◆ Data excerpts ◆
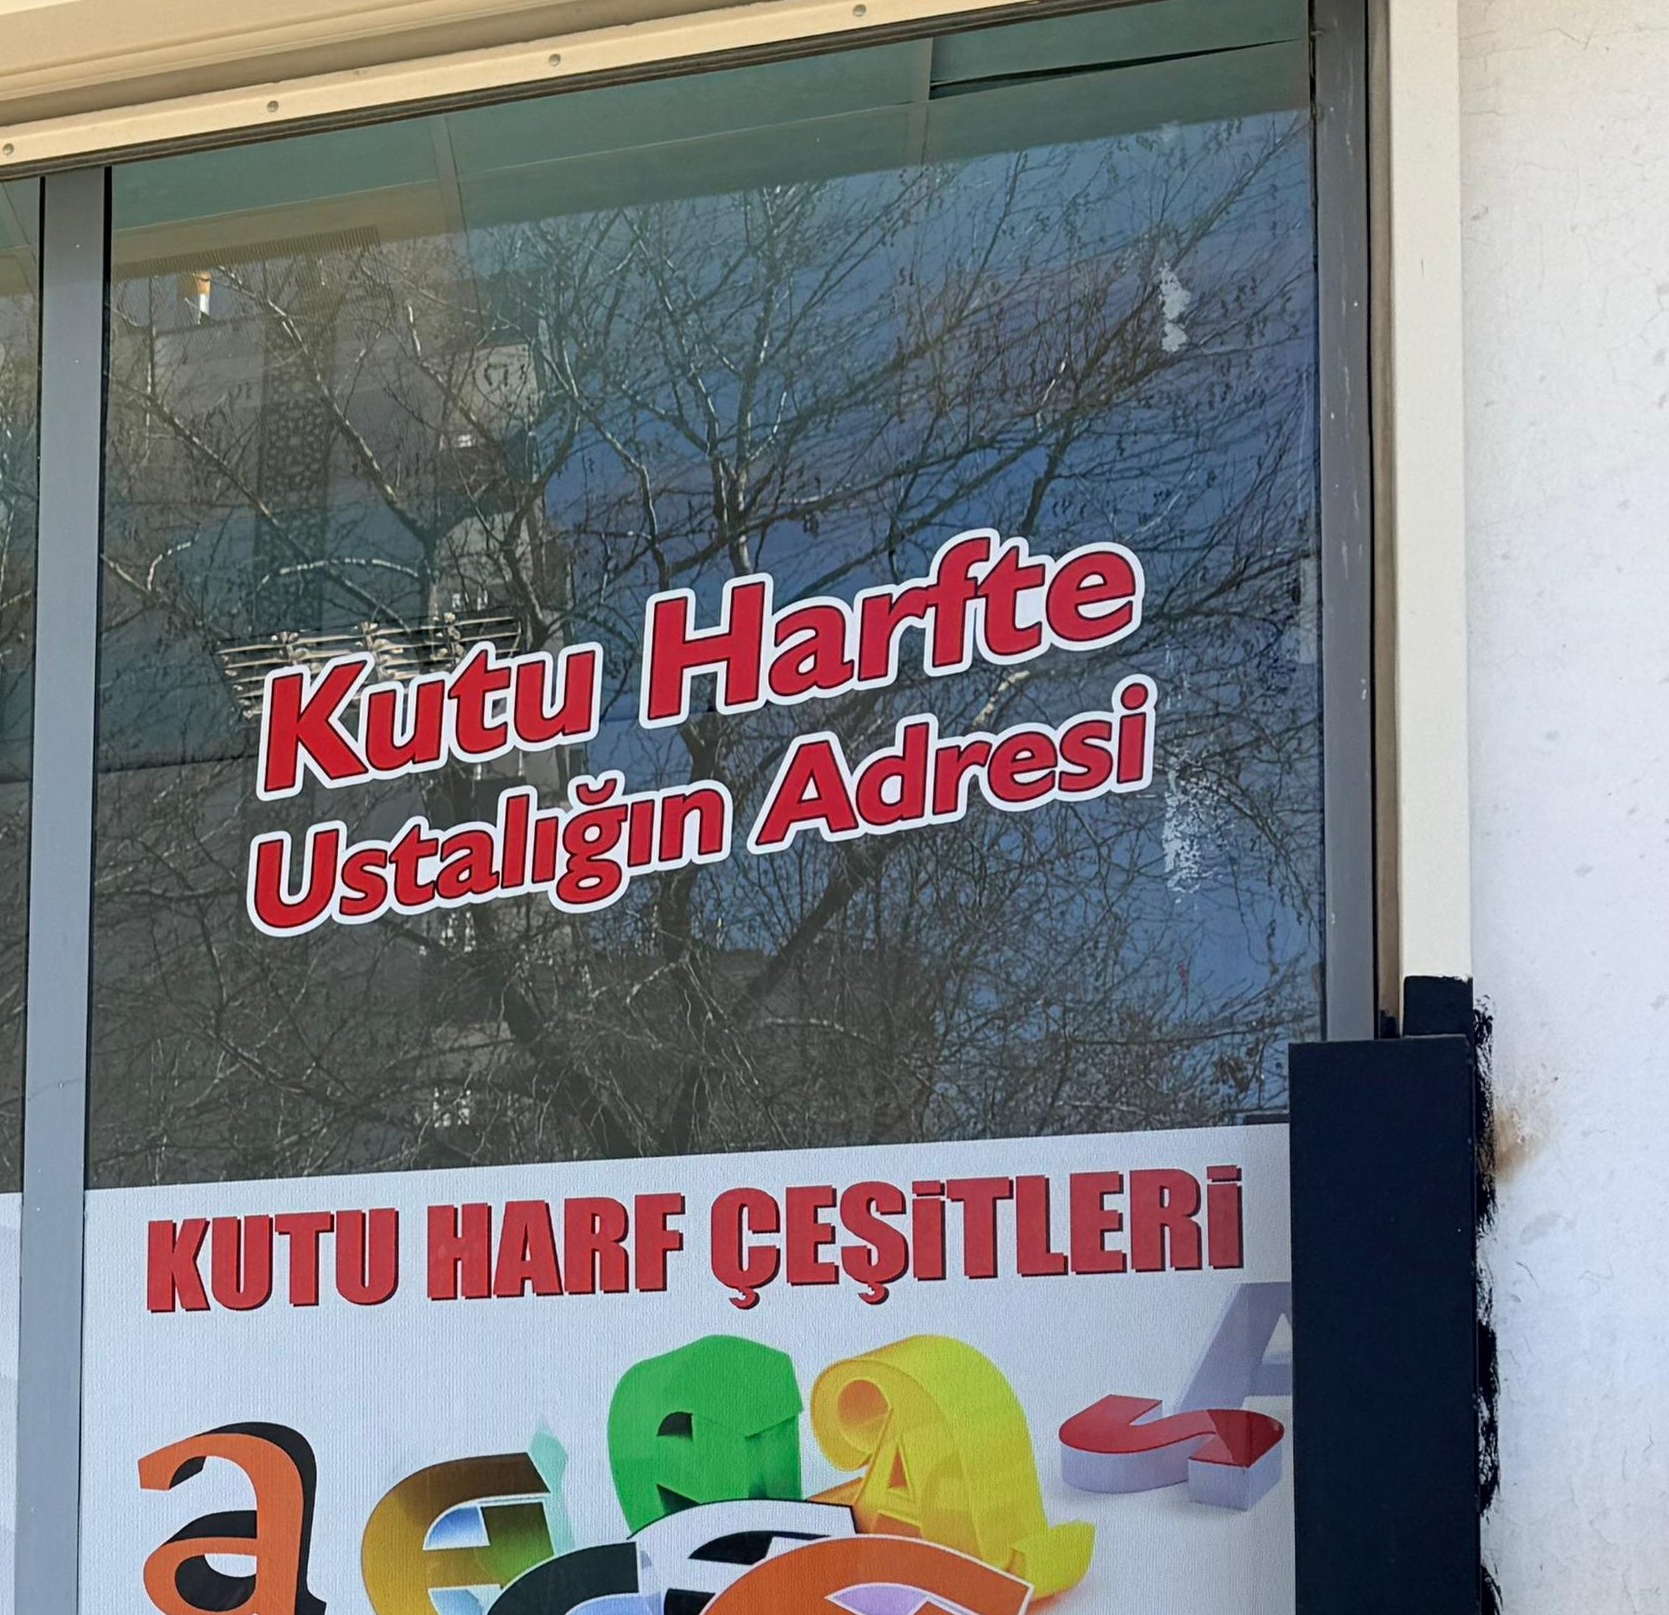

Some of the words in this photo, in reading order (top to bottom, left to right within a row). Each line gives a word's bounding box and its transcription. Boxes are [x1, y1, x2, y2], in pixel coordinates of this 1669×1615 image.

[255, 637, 604, 801] Kutu
[639, 526, 1145, 732] Harfte
[247, 771, 731, 940] Ustalığın
[748, 674, 1158, 856] Adresi
[146, 1207, 400, 1313] KUTU
[427, 1192, 686, 1301] HARF

◆ What to produce ◆
The records must come back exactly, with their pictures removed.

◆ Solution below ◆
Some of the words in this photo, in reading order (top to bottom, left to right within a row). Each line gives a word's bounding box and its transcription. Boxes are [x1, y1, x2, y2], in pixel coordinates of this 1669×1615 image.

[255, 637, 604, 801] Kutu
[639, 526, 1145, 732] Harfte
[247, 771, 731, 940] Ustalığın
[748, 674, 1158, 856] Adresi
[146, 1207, 400, 1313] KUTU
[427, 1192, 686, 1301] HARF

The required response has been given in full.